In December, 2001, the then mayor of Kathmandu, Keshav Sthapit, signed an agreement with ‘Society for Preservation of Shelter and Habitat-Nepal’, (SPOSH-Nepal), a federated national level organization of squatters, and Lumanti, a NGO actively championing the squatters’ (contextualized as ‘sukumbasi’ in Nepali) demand for citizenship and landownership rights, that would effectively immunize sukumbasi communities against any kind of government-issued threat of eviction without resettlement. Fast-forward to October 2011, with the agreement still in place, the government issued notice of eviction to sukumbasi settlements on the riverbank between Teelganga and Tekudobhan.



According to ‘Bagmati Civilization Integrated Development Committee’ (BCIDC), eviction of the settlements is mandatory for implementing a sewage treatment plan as those settlements lay within 20 meters either side of the river’s boundary; a cut-off mark set by the BCIDC for technical reasons.

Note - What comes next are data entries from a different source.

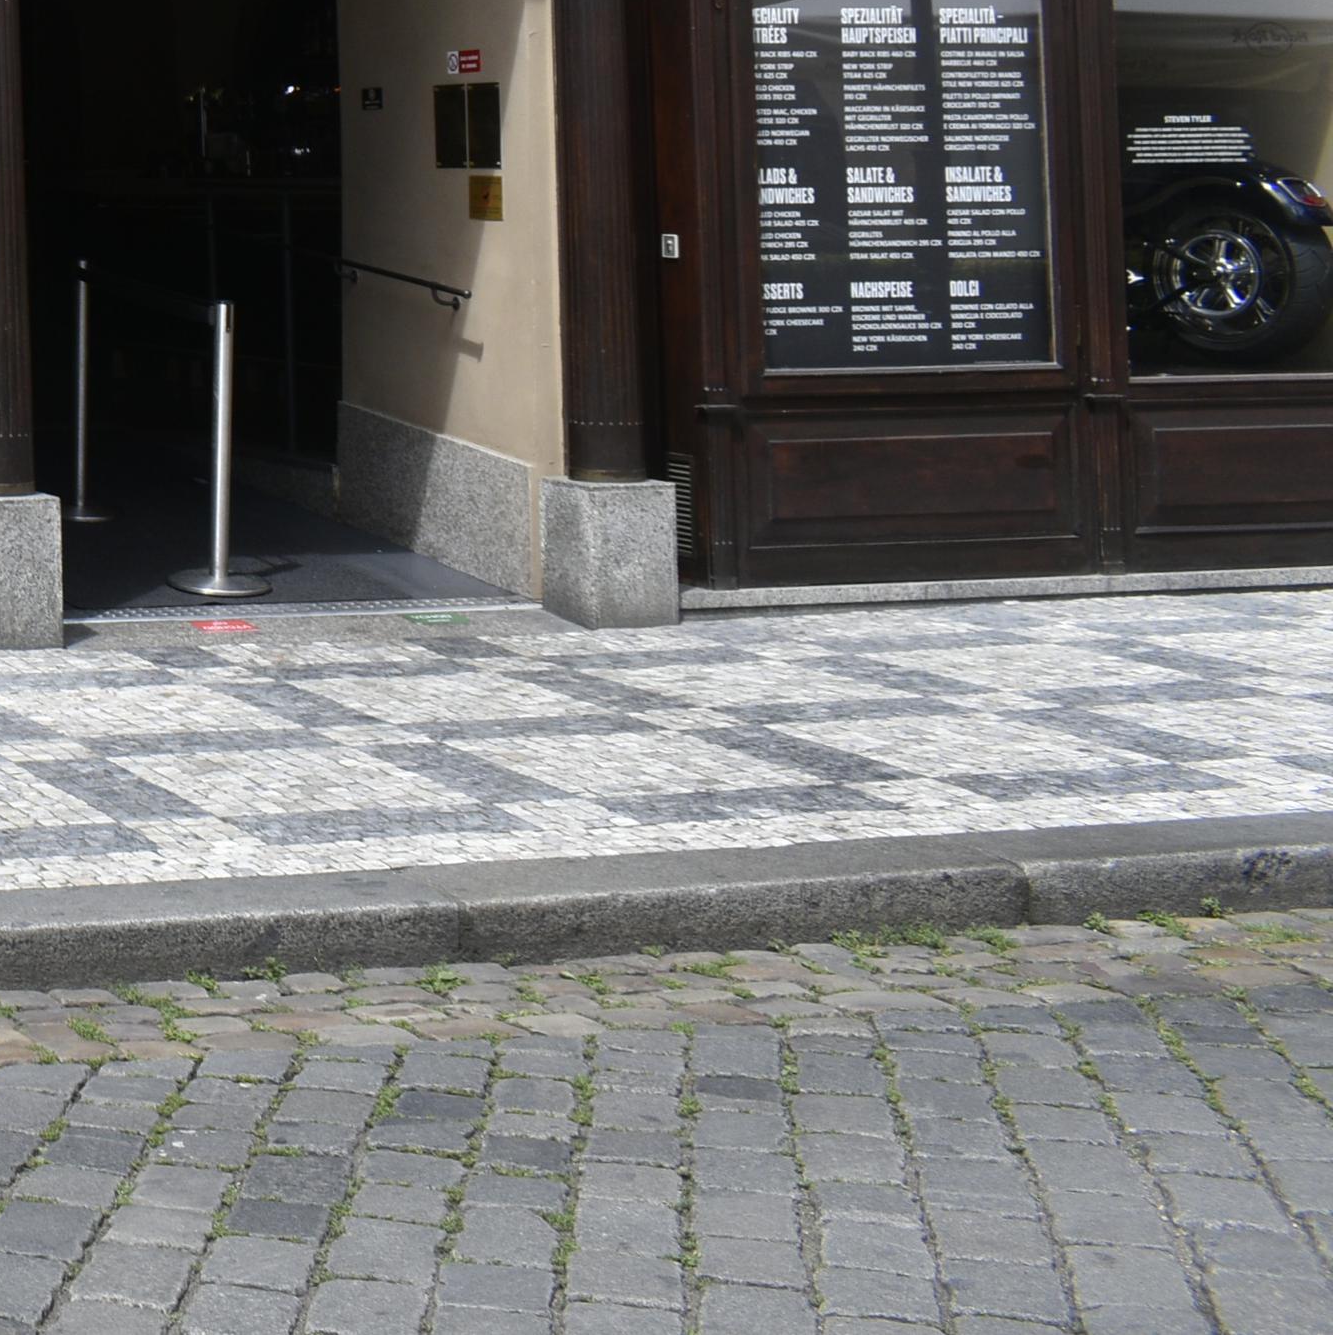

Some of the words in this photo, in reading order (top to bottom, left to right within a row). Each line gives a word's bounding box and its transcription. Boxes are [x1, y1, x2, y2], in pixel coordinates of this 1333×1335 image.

[840, 4, 903, 25] SPEZIALITÄT
[841, 26, 916, 44] HAUPTSPEISEN
[939, 26, 972, 43] PIATTI
[973, 26, 1027, 43] PRINCIPALI
[846, 166, 883, 183] SALATE
[886, 166, 895, 183] &
[945, 166, 991, 183] INSALATE
[993, 166, 1003, 182] &
[847, 186, 914, 203] SANDWICHES
[946, 185, 1012, 202] SANDWICHES
[850, 280, 912, 298] NACHSPEISE
[949, 279, 979, 297] DOLCI

BCIDC is a committee formed to implement projects to restore Bagmati’s environmental health, and renovate historic infrastructures of traditional and religious value along the riverbanks (such as stone temples and rest houses), as mandated by ‘Bagmati Action Plan’ (BAP), in order to revive ‘civilization’ in the city. In response to the eviction notice, SPOSH-Nepal filed a case in court. The court responded by asking the Home Ministry to justify the eviction notice given the 2001 agreement in place, while extending the seven-day notice of eviction to 35 days. The Supreme Court’s final verdict at the end of the 35 days notice went in favor of the defendant, the Home Ministry, as the 2001 agreement was deemed lacking in authoritative power that is legally binding.

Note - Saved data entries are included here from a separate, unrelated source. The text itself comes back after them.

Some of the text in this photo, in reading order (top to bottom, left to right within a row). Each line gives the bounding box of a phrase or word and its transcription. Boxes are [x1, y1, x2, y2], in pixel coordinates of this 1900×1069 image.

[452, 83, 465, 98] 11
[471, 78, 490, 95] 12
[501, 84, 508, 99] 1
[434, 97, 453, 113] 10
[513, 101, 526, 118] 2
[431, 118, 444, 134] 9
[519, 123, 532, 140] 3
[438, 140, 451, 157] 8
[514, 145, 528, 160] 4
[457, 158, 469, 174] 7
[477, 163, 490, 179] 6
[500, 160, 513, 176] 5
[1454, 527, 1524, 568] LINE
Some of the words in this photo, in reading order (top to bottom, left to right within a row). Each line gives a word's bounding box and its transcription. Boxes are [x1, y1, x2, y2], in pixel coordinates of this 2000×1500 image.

As things stand now, the government is contemplating offering the “genuine” sukumbasi, under eviction threat, a three-month rent subsidy. No plan for the aftermath of the three months is in place, while the fate of “non-genuine” sukumbasi hangs in limbo; quotation marks because it is unclear how exactly the state would want to define genuine/non-genuine sukumbasi. A one-page form that the ‘Urban Development Department’ wants the sukumbasi communities to fill and submit as a way to find out genuine sukumbasi is no more than a piece of paper containing boxes and blank spaces that require one’s age, occupation, place of birth and one or two other generic information that can hardly tell what/who is “genuine”. This is but one of many examples of the state’s crude misreading of the sukumbasi complexity in particular, and in general, a lack of concrete vision and political will in dealing with contemporary and emerging urban issues. Another example being: a government committee established to resolve sukumbasi-related land-rights issues in Nepal deliberately keeps Kathmandu outside of its focus because sukumbasi is a “rural” problematic.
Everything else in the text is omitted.